## Work order
Restate the following records word for word without images.

## Data extract

******

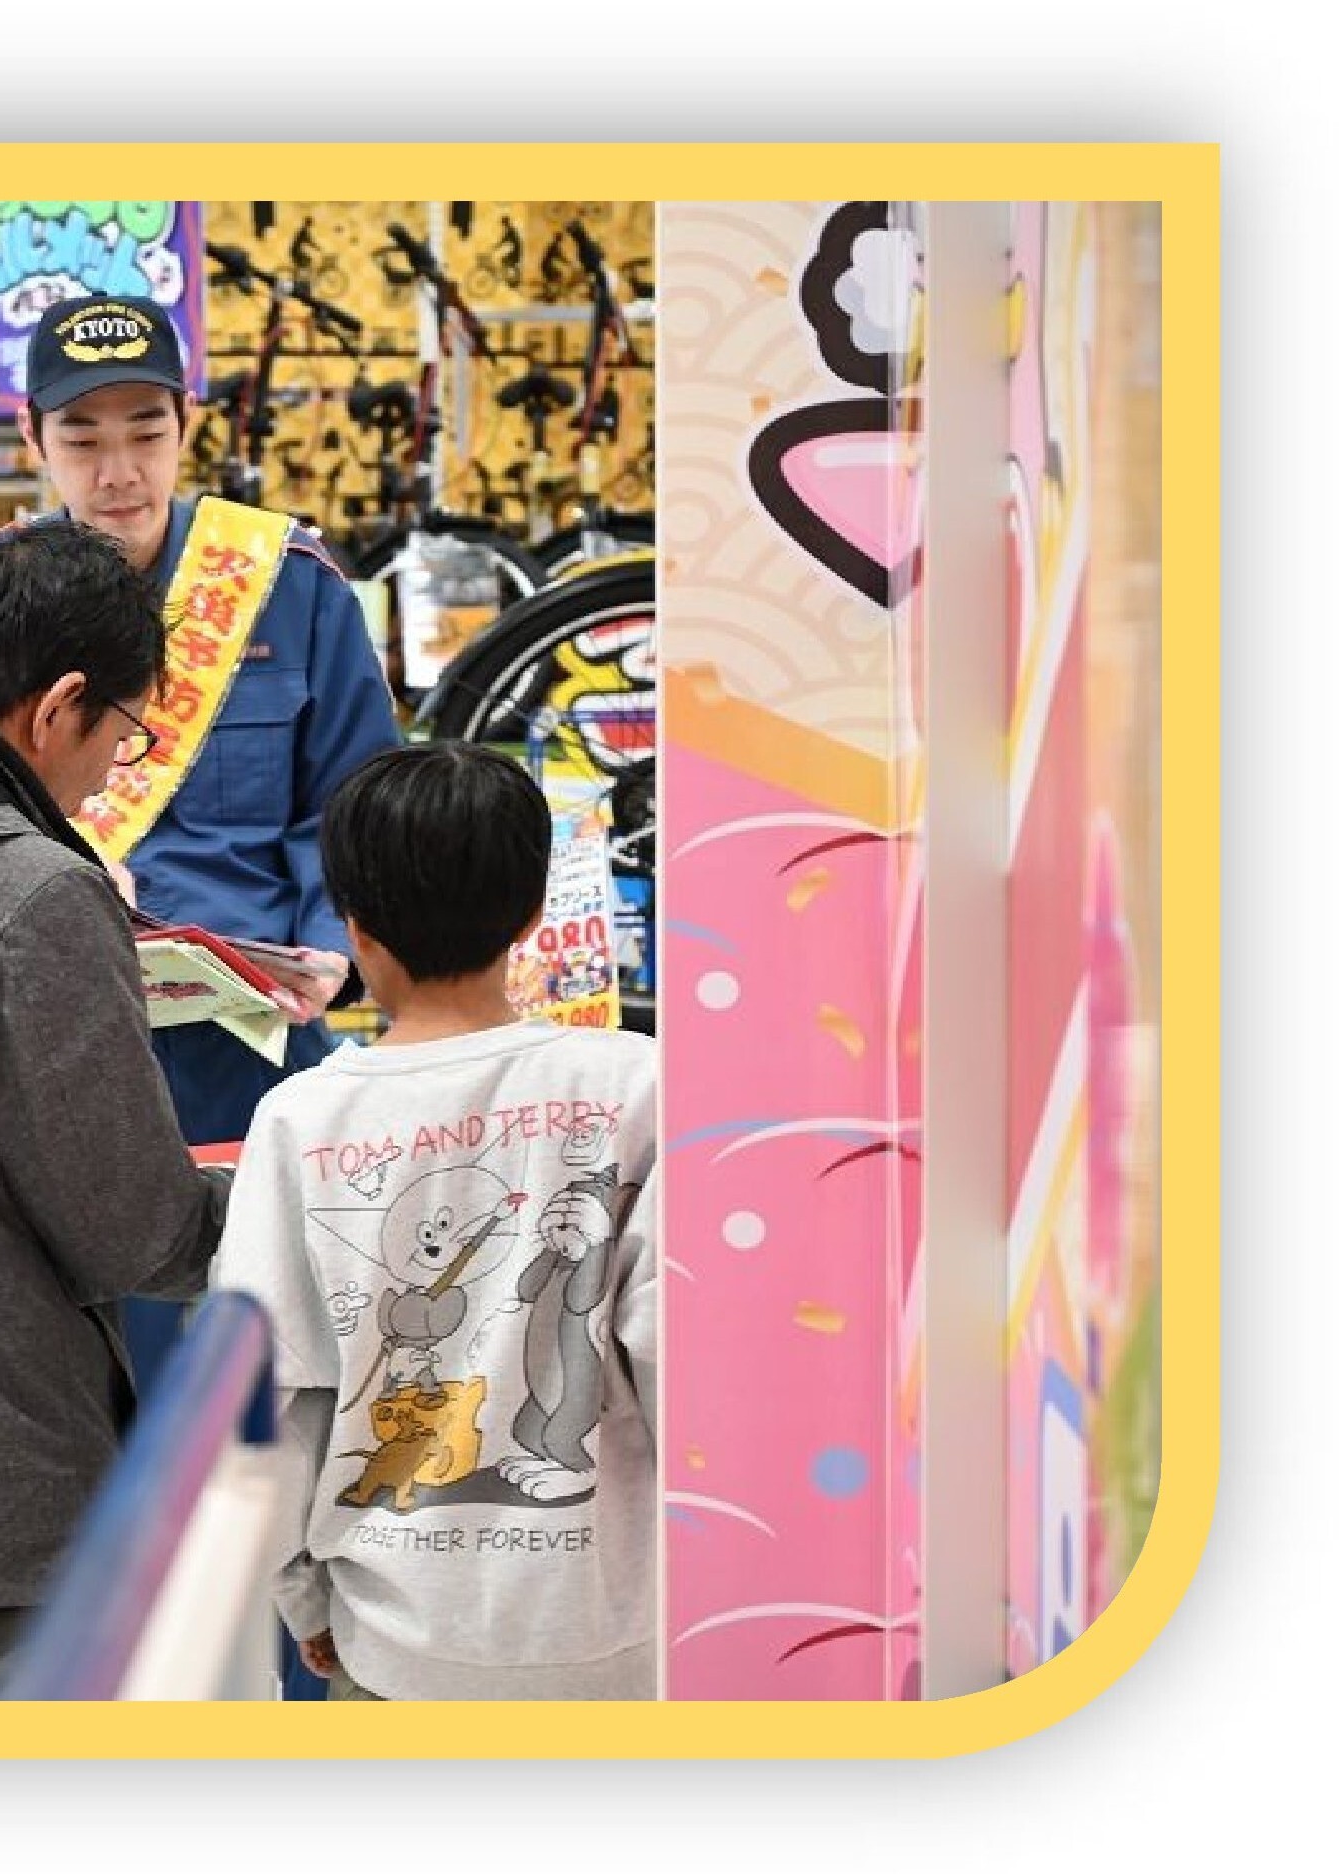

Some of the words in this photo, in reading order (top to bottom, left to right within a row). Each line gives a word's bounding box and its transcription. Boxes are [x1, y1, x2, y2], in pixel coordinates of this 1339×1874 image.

[74, 318, 138, 342] KYOTO
[302, 1136, 403, 1182] TOM
[411, 1121, 486, 1161] AND
[492, 1100, 624, 1148] JERRY
[352, 1526, 465, 1553] TOGETHER
[476, 1526, 595, 1552] FOREVER

******

## Exercise output
Some of the words in this photo, in reading order (top to bottom, left to right within a row). Each line gives a word's bounding box and its transcription. Boxes are [x1, y1, x2, y2], in pixel coordinates of this 1339×1874 image.

[74, 318, 138, 342] KYOTO
[302, 1136, 403, 1182] TOM
[411, 1121, 486, 1161] AND
[492, 1100, 624, 1148] JERRY
[352, 1526, 465, 1553] TOGETHER
[476, 1526, 595, 1552] FOREVER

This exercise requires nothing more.